Doing it Wrong is Normal #
My experience is that almost no company follows the priorities listed above. Here's a quick rundown of typical priorities and what pain it causes...
- Features
- Sales
- Iteration
- Optimization
- Team
- Process
- Brand
- User Experience
- Instrumentation
- Technical Foundation (sort-of)
The Pain
Things move fast at first. The norm is low-discipline - fast and loose. It seems awesome. "We're crushing it! So many features for our users!" But of course, these are only assumptions that the right features are getting to customers and that the customers are having a delightful experience. Customers are less than impressed. So sales and marketing get added to the equation to drive top line revenue and expand market share. It works, but now the bottom line is suffering. All the while, the small-but-mighty team is iterating and fighting fires - continuing to add functionality at break-neck speed and creating some of the most spectacular tech debt ever conceived.
Top line starts improving, and it seems like maybe there's a real business that needs to be operated. It's time to start optimizing sales and sprinkling in customer service to tend to struggling customer experience. The application is starting to show signs of instability, so it's time to apply some rigor to incident management. (Why would we ever stop to fix the root cause?) The engineering team can only support so many heroic efforts, so it's time to hire more developers and throw some hardware at the problem.
Now the team is growing and it's time to add some structure. Because there is very little discipline as a part of the engineering culture, applying the discipline of a "real" process seems silly. The "process" gets made up in order to accommodate the team's natural way of working.
Since market share has increased, the risk of any product iteration becomes amplified.

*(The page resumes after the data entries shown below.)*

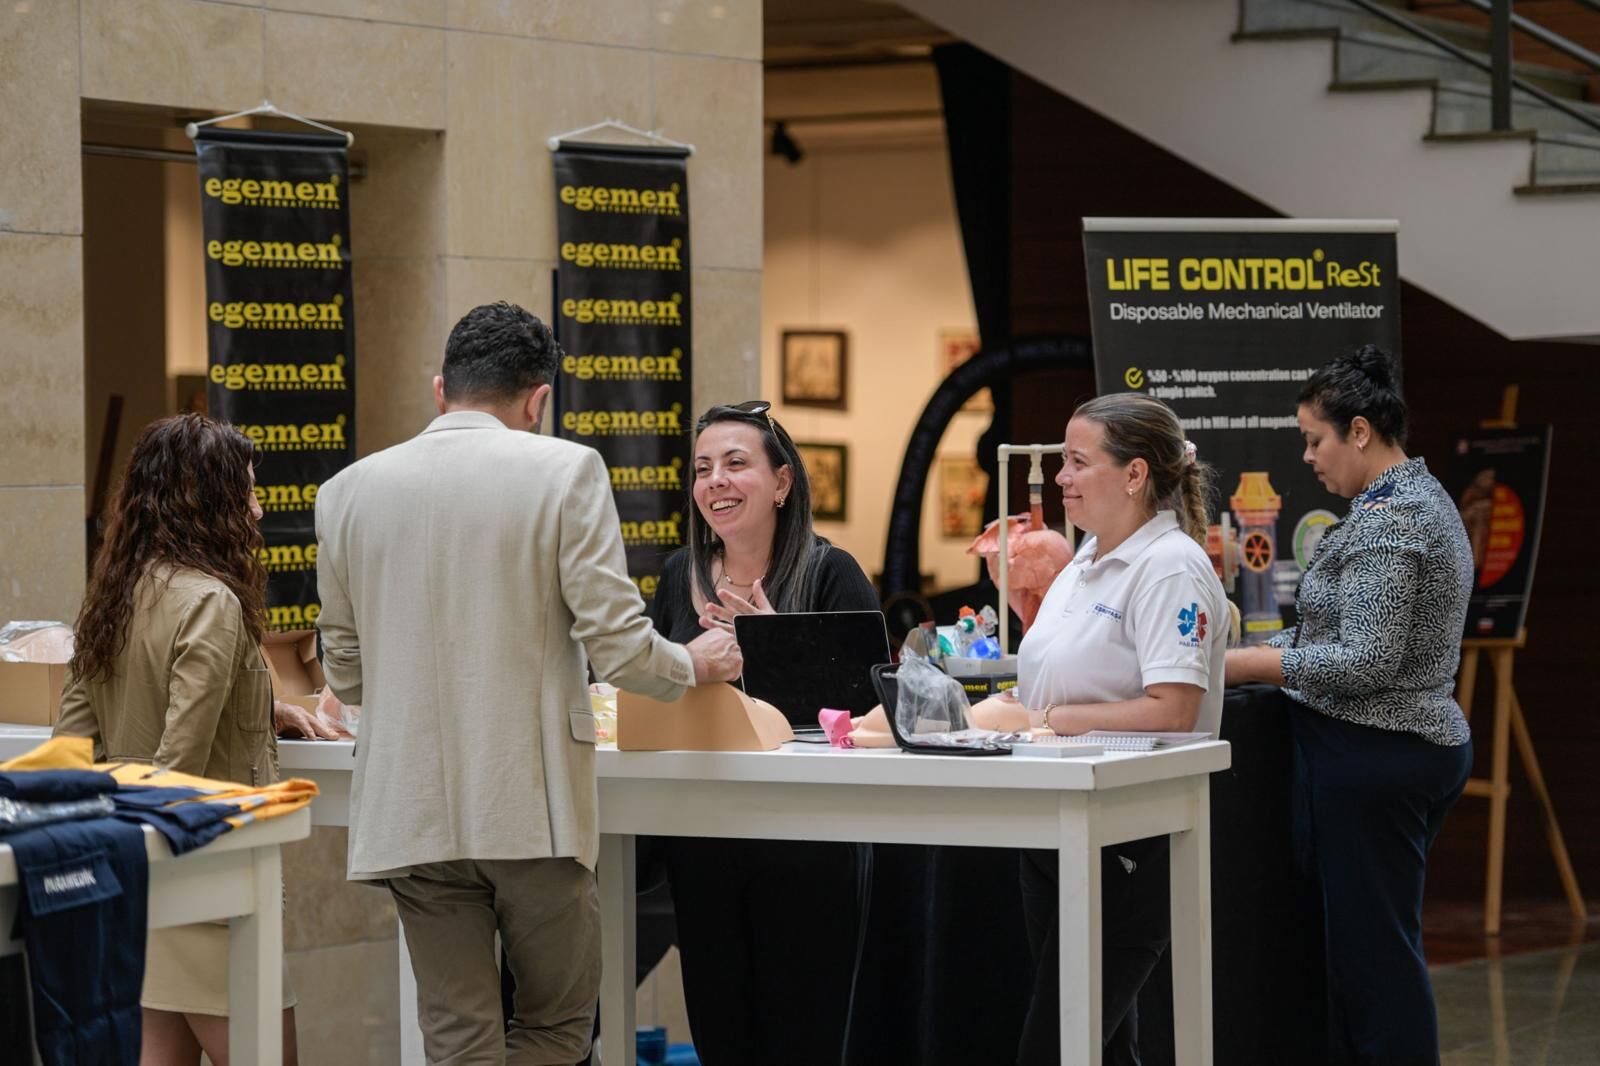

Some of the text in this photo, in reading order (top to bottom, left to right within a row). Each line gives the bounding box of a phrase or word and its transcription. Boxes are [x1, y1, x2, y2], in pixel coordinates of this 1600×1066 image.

[205, 177, 338, 204] egemen
[560, 185, 679, 210] egemen
[207, 239, 342, 266] egemen
[561, 242, 679, 266] egemen
[1106, 256, 1381, 290] LIFE CONTROL ReSt
[209, 301, 343, 328] egemen
[562, 298, 680, 323] egemen
[1110, 301, 1384, 324] Disposable Mechanical Ventilator
[210, 363, 344, 390] egemen
[562, 354, 680, 379] egemen
[239, 423, 344, 444] emen
[562, 410, 680, 436] egemen
[609, 465, 679, 484] men
[253, 483, 319, 504] eme
[621, 519, 679, 538] men

Because features have always been more important than tests, the team has no idea if the changes they're making are going to wreak havoc when deployed...YOLO! The team engages in manual testing of deployments. Now that deployments are scary, there is a decree that they should happen only during off-peak hours and no more often than once a week. But now that the team has grown and the deployments are infrequent, the deployments are huge! The rollback rate is high and it's super hard to figure out which change introduced errors.
Things...slow...way...down.
What happened to all the "velocity"? Fists pound on desks. "We need to move faster!" Obviously the "process" is the problem. It's too heavy.
Meanwhile, it's time to play catch-up in other areas. Sales are slumping. The problem must be the brand. Time for a re-brand. The font is the problem.
Somewhere along the way, somebody persuasive comes along with some experience and starts whispering about UX and CI. And the team starts the very quit-able, long walk up Kilimanjaro, hoping there's enough food and gumption to make the summit, not knowing how far away it is or how many times they will slip all the way back to the base.
I've lived it many times. I've been the root cause a time or two. Please leverage my experience. Save yourself!